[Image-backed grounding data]

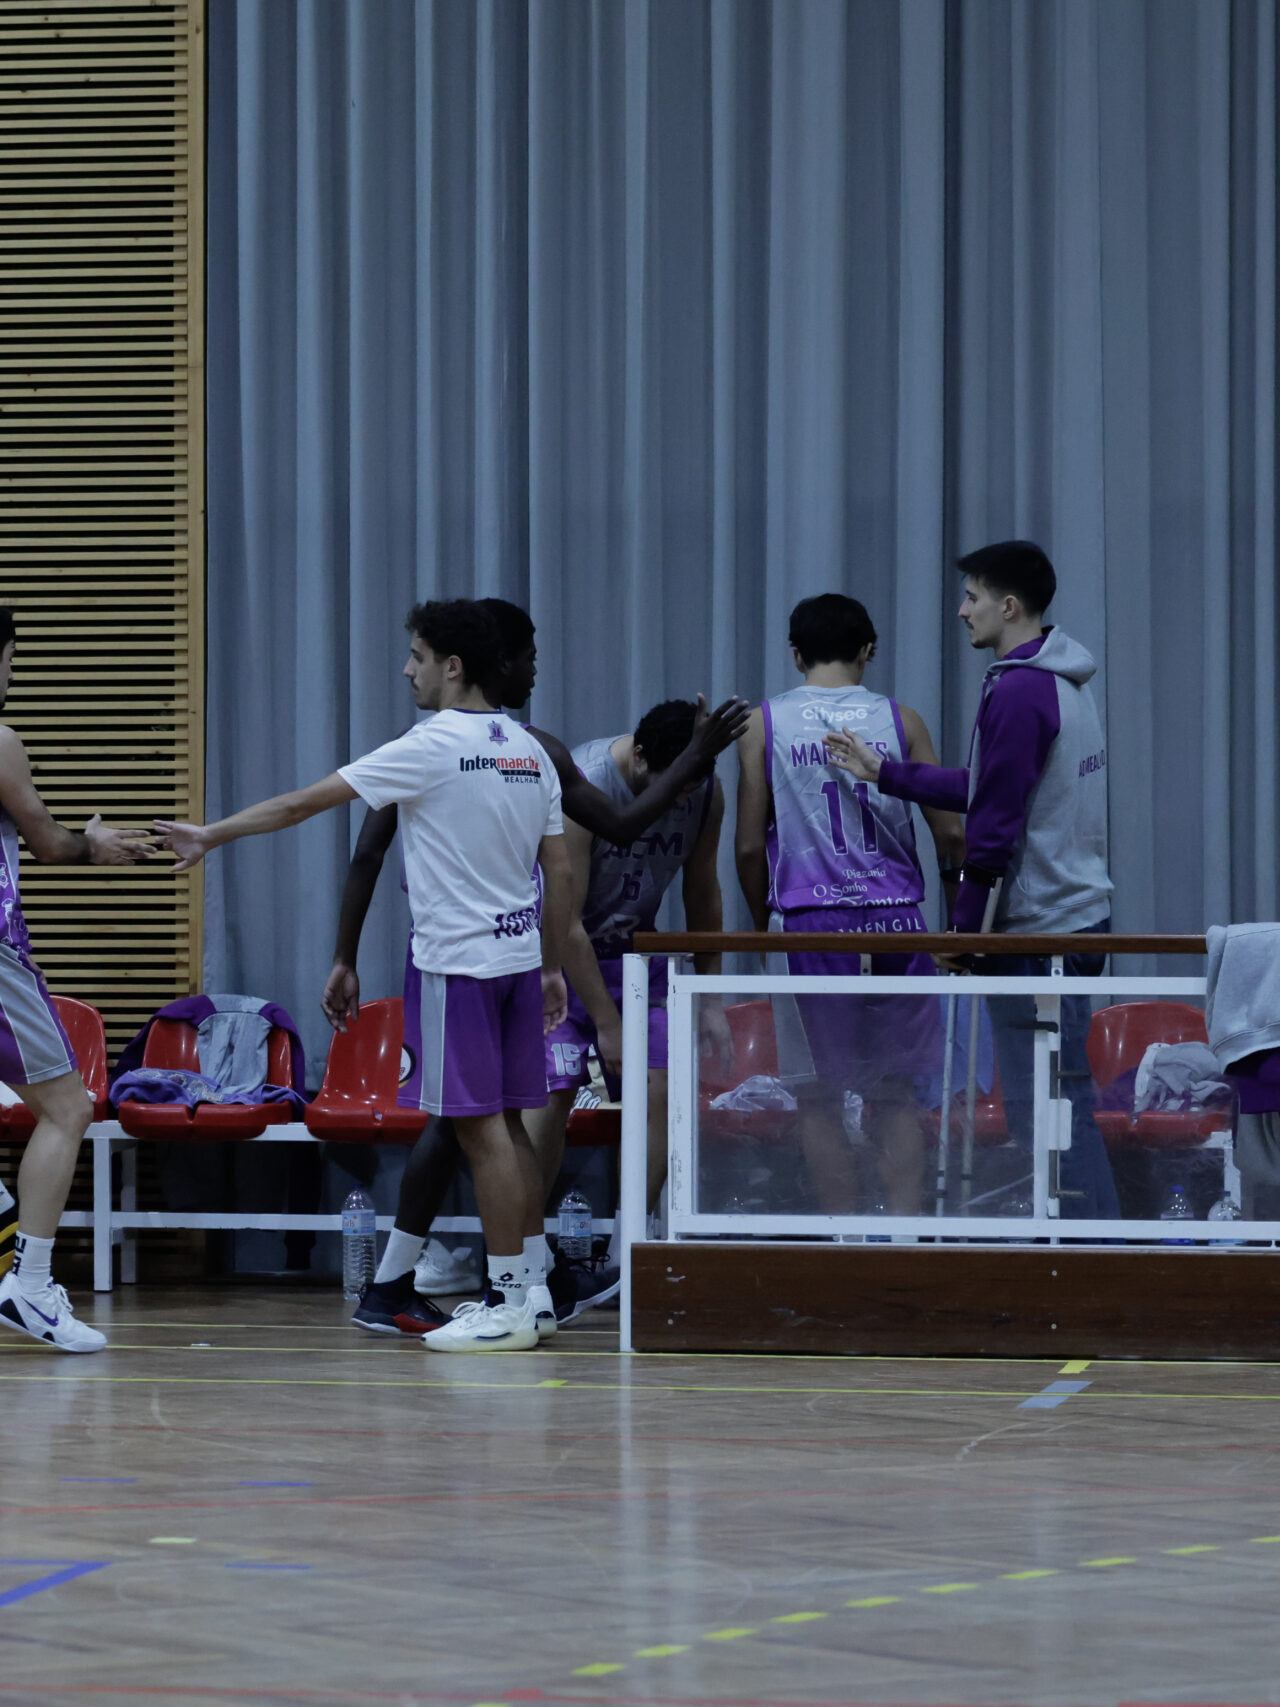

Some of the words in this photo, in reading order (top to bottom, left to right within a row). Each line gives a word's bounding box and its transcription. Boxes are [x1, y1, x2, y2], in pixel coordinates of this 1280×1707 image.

[791, 740, 888, 767] MARS
[819, 779, 880, 856] 11
[841, 867, 887, 882] Pizzaria
[812, 884, 828, 898] O
[829, 881, 868, 898] Sonho
[550, 1042, 582, 1076] 15
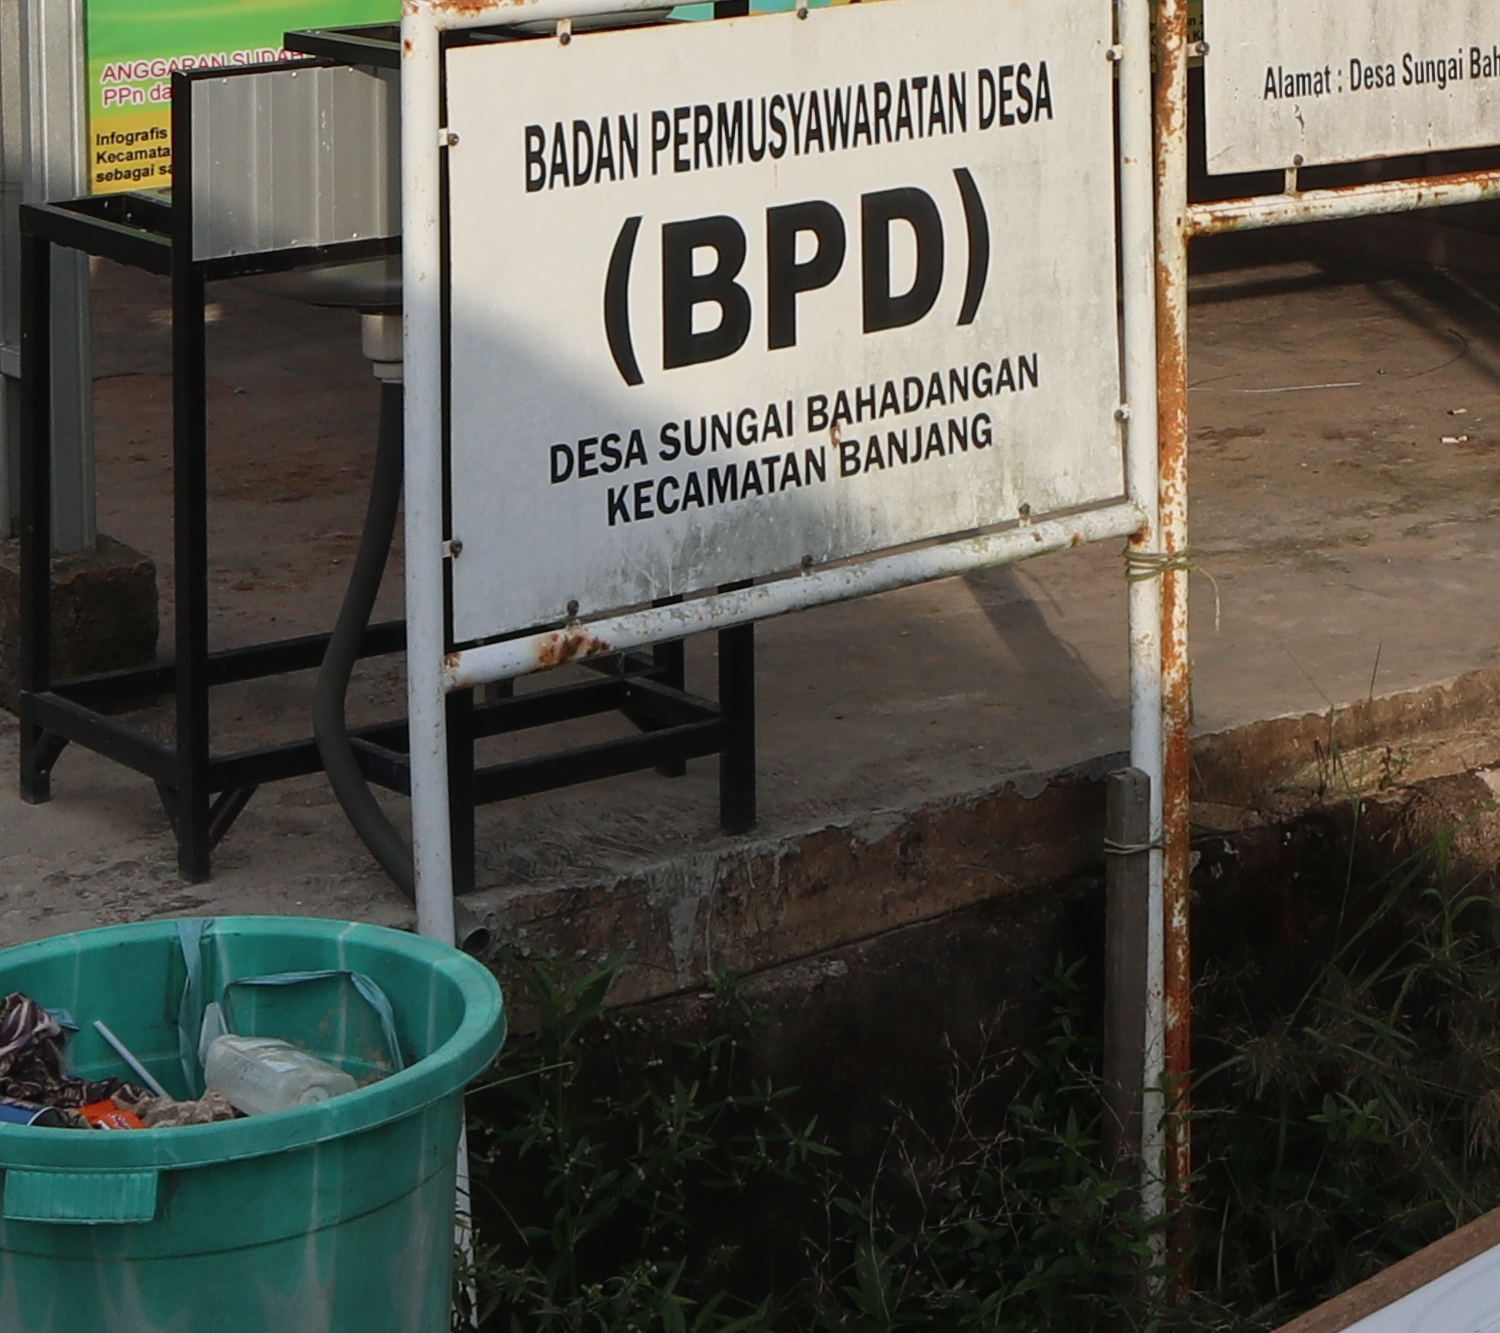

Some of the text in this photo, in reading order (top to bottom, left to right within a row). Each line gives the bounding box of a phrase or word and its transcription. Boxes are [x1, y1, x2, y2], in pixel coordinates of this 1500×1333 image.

[104, 86, 143, 106] PPn
[1263, 64, 1331, 101] Alamat
[1349, 59, 1396, 90] Desa
[1402, 52, 1464, 87] Sungai
[96, 126, 168, 146] Infografis
[523, 61, 1054, 193] BADAN PERMUSYAWARATAN DESA
[96, 165, 154, 183] sebagai
[603, 168, 990, 385] (BPD)
[549, 353, 1039, 485] DESA SUNGAI BAHADANGAN
[606, 413, 994, 527] KECAMATAN BANJANG
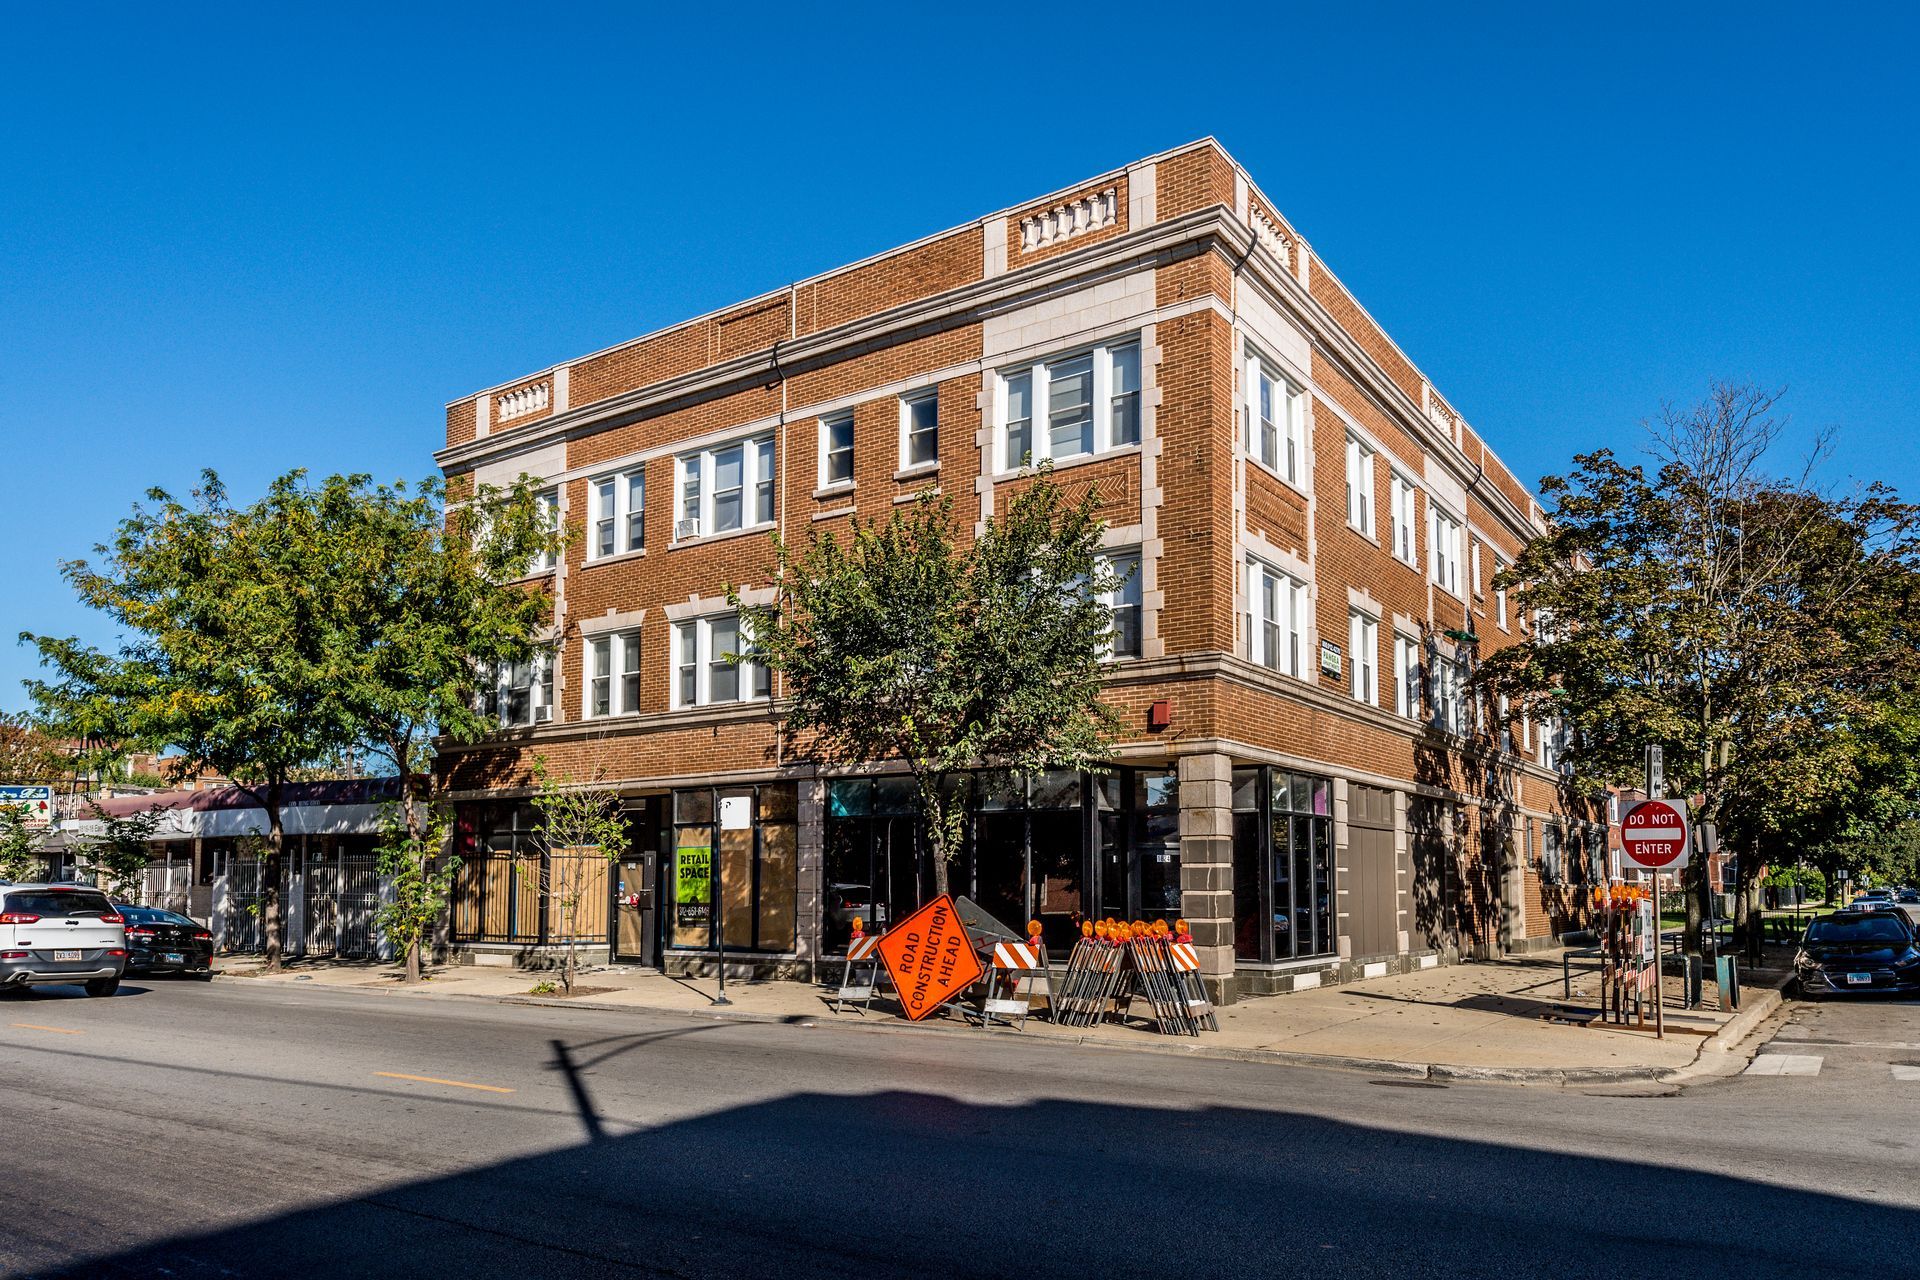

▶ Work request
Return each entry exactly as given. Leave the images out.

▶ Your response
Some of the words in this photo, in reading order (top to bottom, left to right within a row). Each line gives a word's bounding box and its transcription. Boxes are [x1, y1, x2, y2], in pixel coordinates of this 1280×1707 image.

[791, 740, 888, 767] MARS
[819, 779, 880, 856] 11
[841, 867, 887, 882] Pizzaria
[812, 884, 828, 898] O
[829, 881, 868, 898] Sonho
[550, 1042, 582, 1076] 15

Some of the text in this photo, in reading order (top to bottom, left to right within a row). Each line gives the bounding box of a phrase or word and its transcription. Boxes are [x1, y1, x2, y2], in pixel coordinates of this 1500×1333 image.

[104, 86, 143, 106] PPn
[1263, 64, 1331, 101] Alamat
[1349, 59, 1396, 90] Desa
[1402, 52, 1464, 87] Sungai
[96, 126, 168, 146] Infografis
[523, 61, 1054, 193] BADAN PERMUSYAWARATAN DESA
[96, 165, 154, 183] sebagai
[603, 168, 990, 385] (BPD)
[549, 353, 1039, 485] DESA SUNGAI BAHADANGAN
[606, 413, 994, 527] KECAMATAN BANJANG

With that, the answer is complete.